The Trump administration will allow small employers to use tax-free health reimbursement accounts (HRAs) to provide health coverage to workers, the Associated Press reported. Under the plan, expected to be formally announced Tuesday, employees could buy their own individual health insurance policies. Health policy critics have said the approach will undermine traditional job-based coverage, and the Obama administration had discouraged the practice.
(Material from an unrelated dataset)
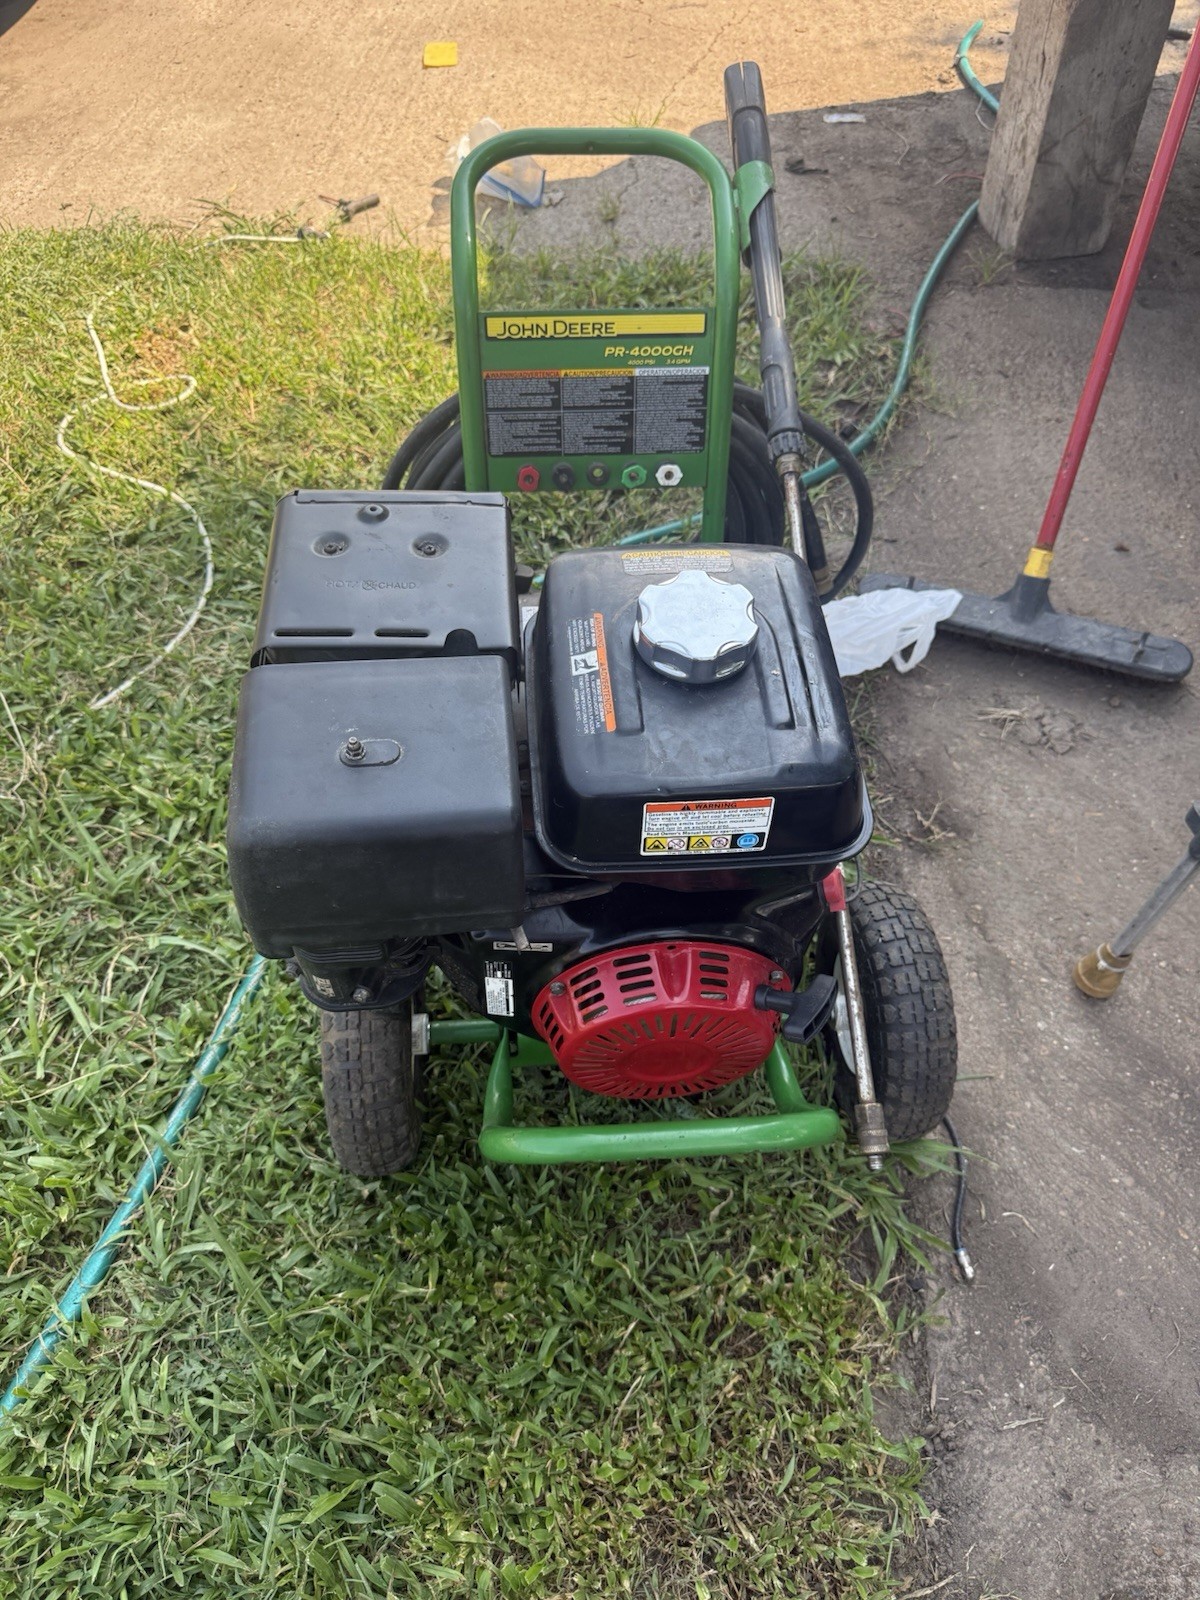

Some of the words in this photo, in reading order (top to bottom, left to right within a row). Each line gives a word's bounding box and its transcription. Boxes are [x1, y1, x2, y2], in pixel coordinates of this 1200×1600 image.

HRAs join other health insurance changes, including association health plans and short-term policies.

 

Number of Fatal Drug Overdoses Dips for First Time

The number of fatal drug overdoses nationwide has fallen for 6 consecutive months, reversing a sharp rise during the past few years, but public health experts warned against drawing firm conclusions based on a small timeframe, STAT News reported. In in the 12-month period ending in March 2018, the CDC reported a decline of 2.8% in the number of overdose deaths, to an estimated 71,073 people, compared with the 12 months ending in September 2017.

 

Researchers Discover Microplastics in Human Stool

A pilot study with a small sample size of 8 people discovered that microplastics can make their way into the human gut, The New York Times reported. In a European study, researchers examined stool samples from volunteers in 8 countries and were surprised when every single sample tested positive for the presence of a variety of microplastics. Microplastics, about the size of a grain of rice, have become a major concern for environmental researchers over the past decade as plastic bags and bottles make their way into the ocean. The most common plastics detected were polypropylene and polyethylene terephthalate—both major components of plastic bottles and caps. The health effects are unknown and more research is needed.